Exercise instructions: Write out all records as given; omit images.

Available records:

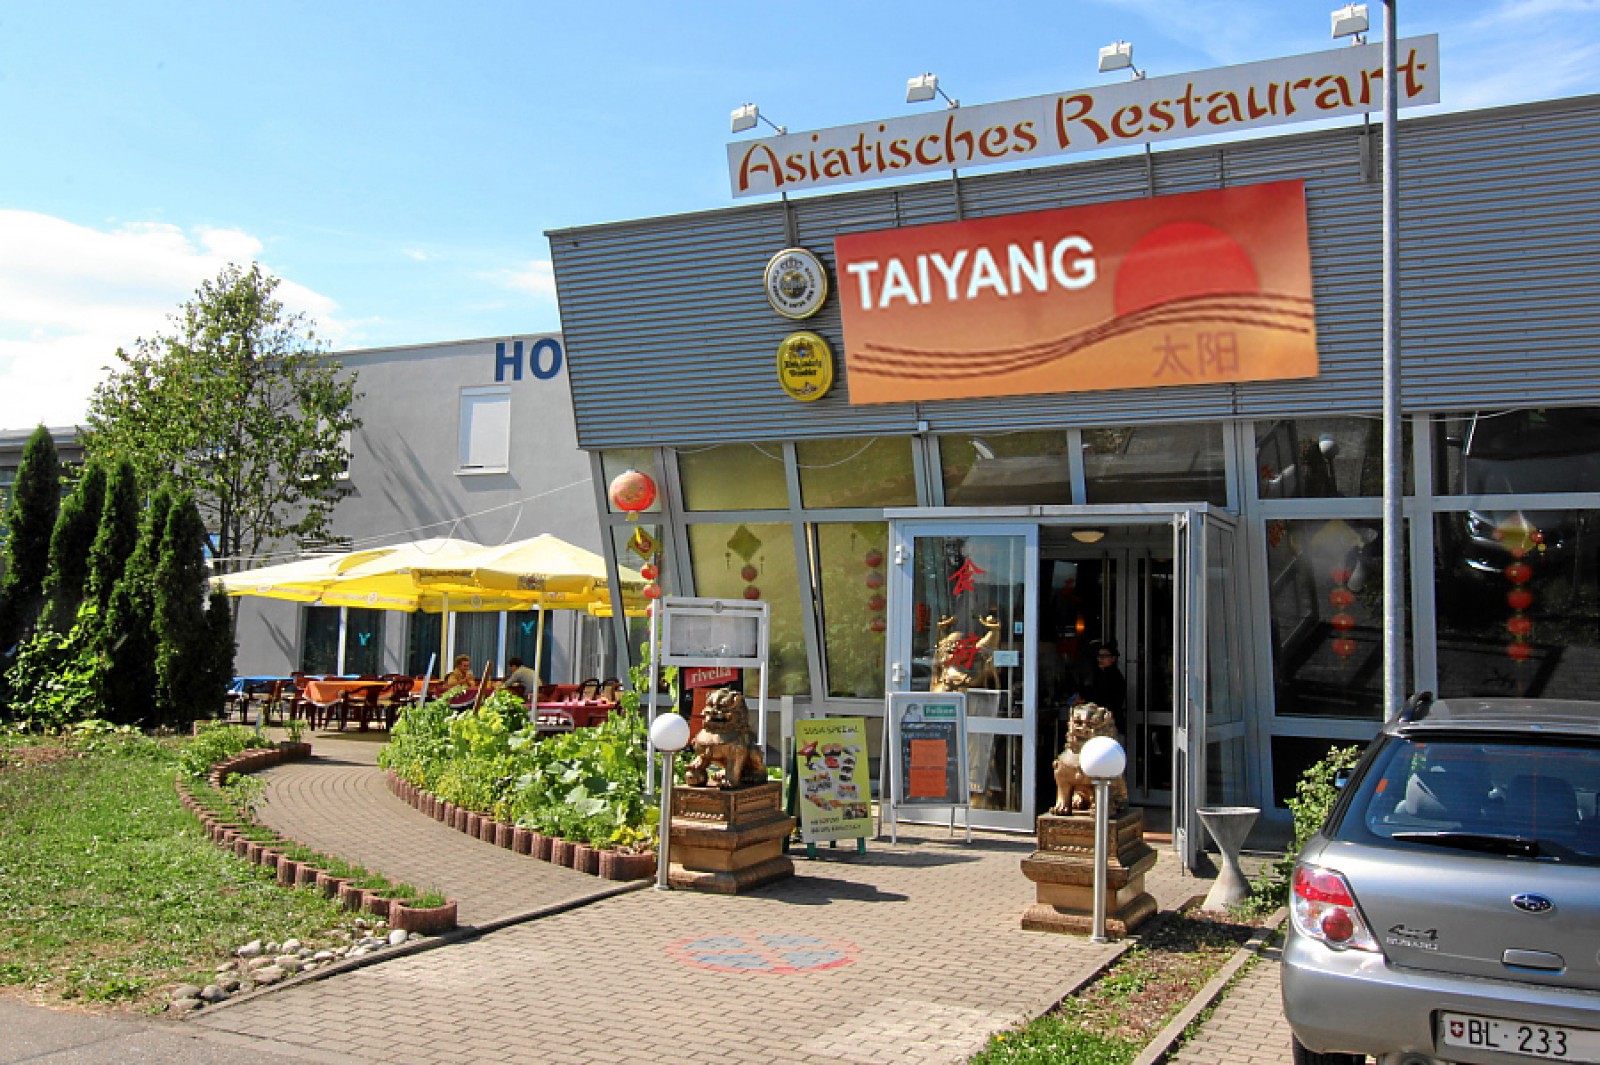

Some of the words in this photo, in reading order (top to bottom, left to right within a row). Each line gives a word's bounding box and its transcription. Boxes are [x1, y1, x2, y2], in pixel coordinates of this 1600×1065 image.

[738, 115, 1037, 193] Asiatisches
[1055, 49, 1427, 144] Restaurant
[847, 236, 1097, 310] TAIYANG
[494, 338, 562, 382] HO
[1152, 332, 1239, 377] 太阳
[691, 667, 732, 684] rivella
[1517, 1026, 1567, 1056] 233
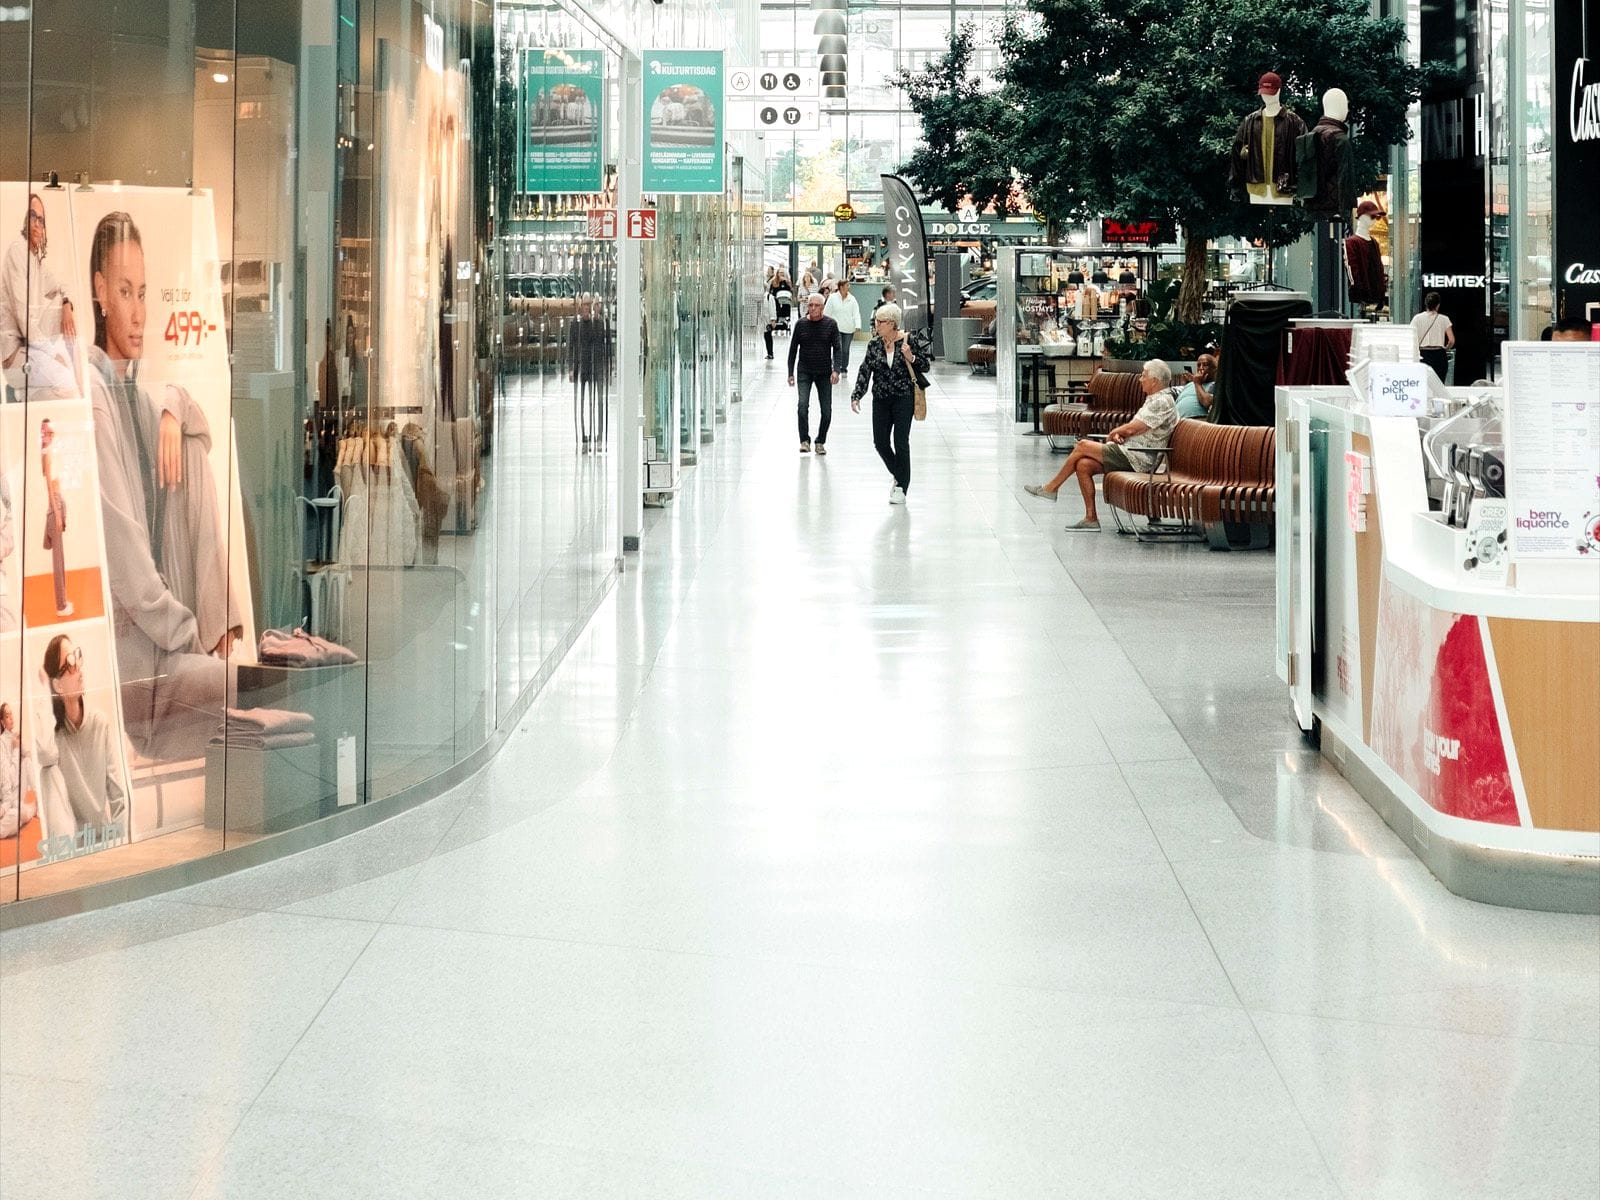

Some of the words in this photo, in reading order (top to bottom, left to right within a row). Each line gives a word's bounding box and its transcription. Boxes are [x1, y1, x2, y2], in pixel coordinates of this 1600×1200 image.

[661, 66, 716, 76] KULTURTISDAG
[963, 209, 974, 220] A
[931, 223, 991, 235] DOLCE
[1422, 274, 1485, 288] HEMTEX
[164, 311, 217, 346] 499:-
[1391, 378, 1420, 388] order
[1382, 385, 1405, 395] pick
[1395, 394, 1409, 402] up
[1480, 506, 1506, 518] OREO
[1529, 509, 1562, 521] berry

Response area:
Some of the words in this photo, in reading order (top to bottom, left to right within a row). Each line gives a word's bounding box and its transcription. Boxes are [x1, y1, x2, y2], in pixel coordinates of this 1600×1065 image.

[738, 115, 1037, 193] Asiatisches
[1055, 49, 1427, 144] Restaurant
[847, 236, 1097, 310] TAIYANG
[494, 338, 562, 382] HO
[1152, 332, 1239, 377] 太阳
[691, 667, 732, 684] rivella
[1517, 1026, 1567, 1056] 233

Some of the words in this photo, in reading order (top to bottom, left to right within a row). Each line gives a word's bounding box and its transcription. Boxes are [x1, y1, x2, y2], in pixel coordinates of this 1600×1200 image.

[661, 66, 716, 76] KULTURTISDAG
[963, 209, 974, 220] A
[931, 223, 991, 235] DOLCE
[1422, 274, 1485, 288] HEMTEX
[164, 311, 217, 346] 499:-
[1391, 378, 1420, 388] order
[1382, 385, 1405, 395] pick
[1395, 394, 1409, 402] up
[1480, 506, 1506, 518] OREO
[1529, 509, 1562, 521] berry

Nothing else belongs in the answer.